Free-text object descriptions

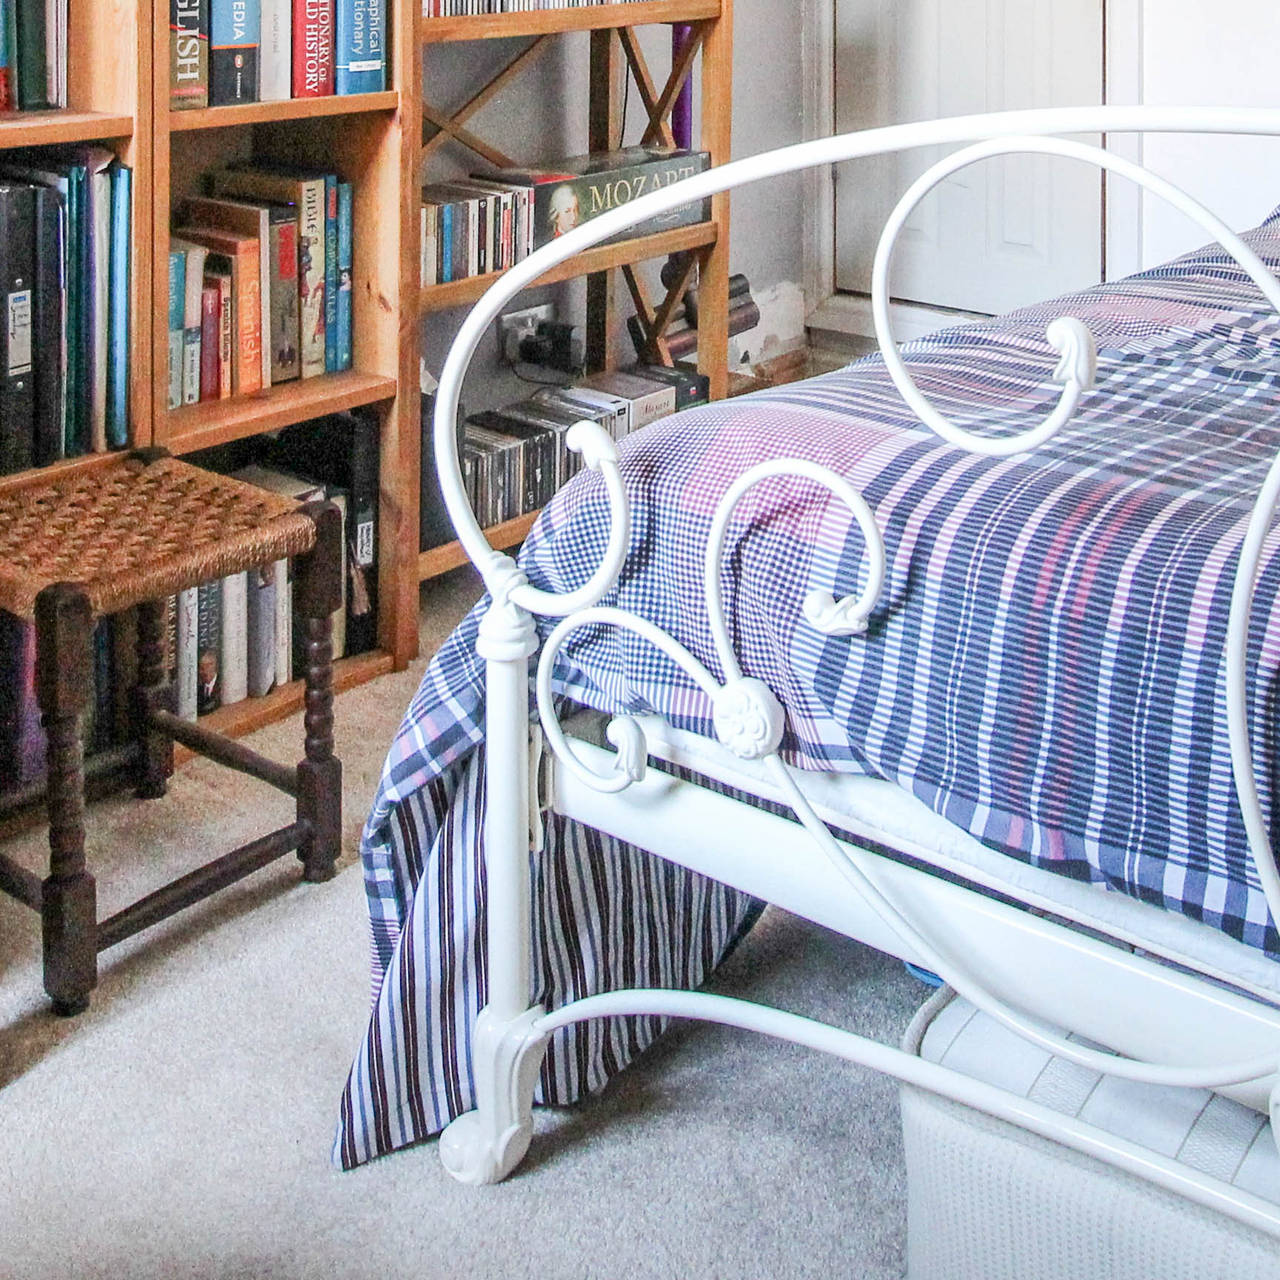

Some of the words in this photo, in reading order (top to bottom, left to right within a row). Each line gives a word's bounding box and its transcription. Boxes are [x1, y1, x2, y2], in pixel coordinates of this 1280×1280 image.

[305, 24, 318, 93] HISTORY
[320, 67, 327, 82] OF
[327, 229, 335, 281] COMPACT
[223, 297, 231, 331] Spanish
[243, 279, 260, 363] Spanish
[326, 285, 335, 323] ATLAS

WHAT TO WORK ON: Pictures aside, retype the entries above exactly as they are.

EXERCISE OUTPUT:
Some of the words in this photo, in reading order (top to bottom, left to right within a row). Each line gives a word's bounding box and its transcription. Boxes are [x1, y1, x2, y2], in pixel coordinates of this 1280×1280 image.

[305, 24, 318, 93] HISTORY
[320, 67, 327, 82] OF
[327, 229, 335, 281] COMPACT
[223, 297, 231, 331] Spanish
[243, 279, 260, 363] Spanish
[326, 285, 335, 323] ATLAS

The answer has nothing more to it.